Lost in all of the positive and negative coverage of the major shift in the US policy towards Cuba is a sense of the history. Like the discussions of foreign policy with Iran where the US supported and led the coup that overthrew their democracy, the amnesia displayed about past treatment and mistreatment of Cuba makes the discussion thin and worrisome. Whether liberal or conservative, pro or con rapprochement, the main issue is whether the current leadership of Cuba will improve or be replaced with more democratic representation. This seeming benivolent view is in distinct opposition to the role of the US in the history of Cuba.
First, Cuba had an indigenous population that was plundered and slaughtered 500 years ago. Then a colonial regime was set up with the importation of a slave population. As Spain, the colonial power, waned in world power and local force moved toward freedom and independence, the United States came to the rescue. However, that rescue had many strings attached, replacing colonialism with a type of subjugation that was in many ways just as brutal.
With a patina of democracy and freedom, but fleeting and corrupted with the oversight of the US government and corporations, Cuban revolutionaries led a popular overthrow of the government. Perhaps you can argue that violent actions led to a regime that was not interested in democracy and freedom. But it is disingenuous for the US to complain about this and isolate and punish the Cuban people for it. The US brutalized Cuba and has never apologized for its actions. There was a huge investment in Cuba and considerable wealth developed in Cuba, but with many left behind and with so US interests often trumping Cubans.
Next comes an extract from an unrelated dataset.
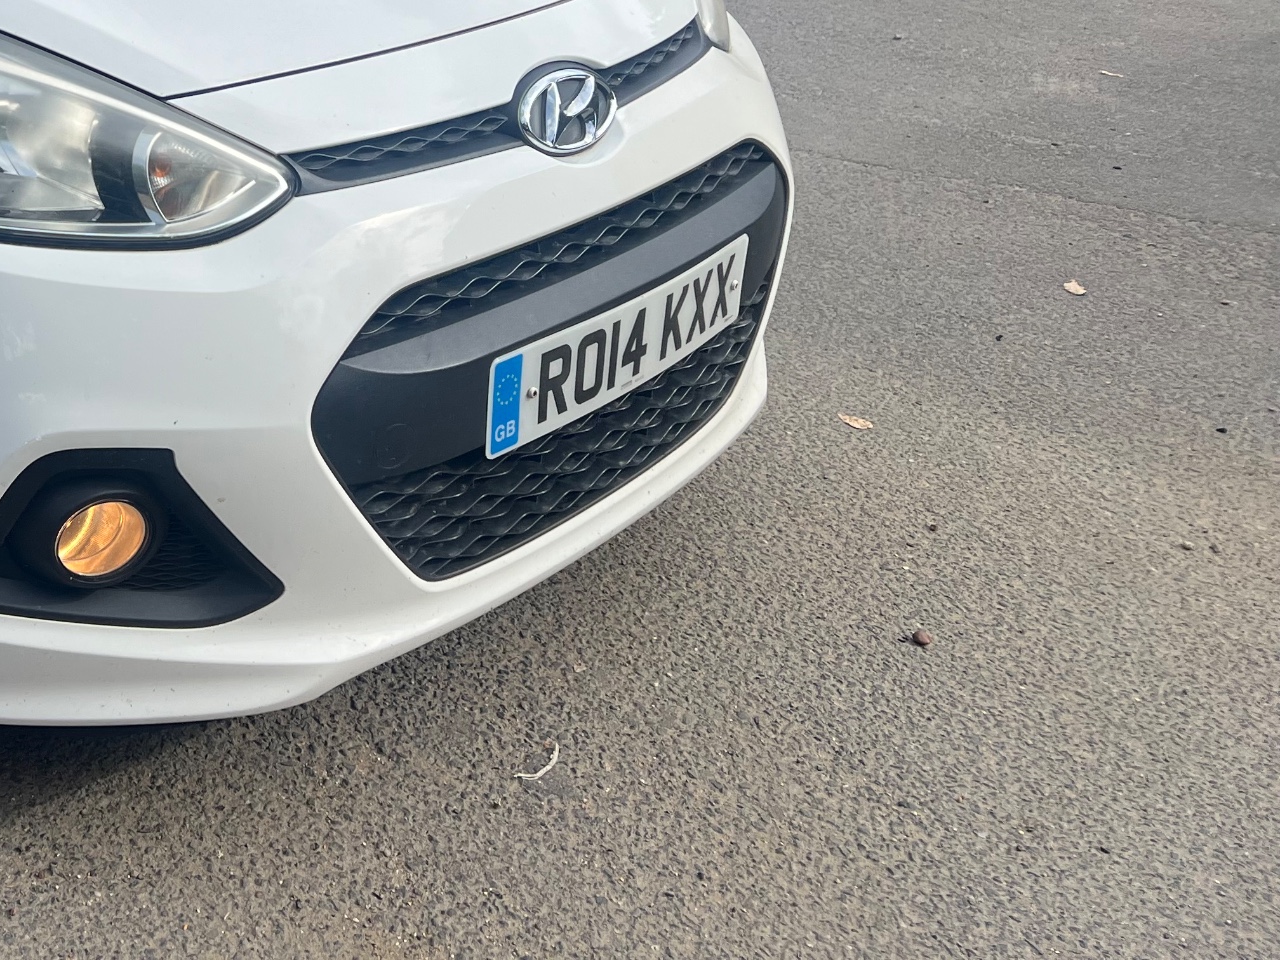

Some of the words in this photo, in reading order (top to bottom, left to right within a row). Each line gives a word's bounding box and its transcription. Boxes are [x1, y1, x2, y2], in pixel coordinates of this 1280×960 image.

I hope that Cuba does improve with more opportunities and freedom. But I also hope that North Americans learn about their governments' and corporations' inhumane treatment of many of the Cuban people, before it worries about the actions of those who fought back against that inhumane treatment. Now we will hear from US corporations that lost their property and will want compensation. But, I say, we owe Cuba much more in compensation for the wealth we stole and then compounded with an undeserved embargo. If we want a more prosperous and modern Cuba, we should be honest about our past and willing to apologize for it. Only then will we deserve the attention of our concerns about the present treatment of Cubans by their government.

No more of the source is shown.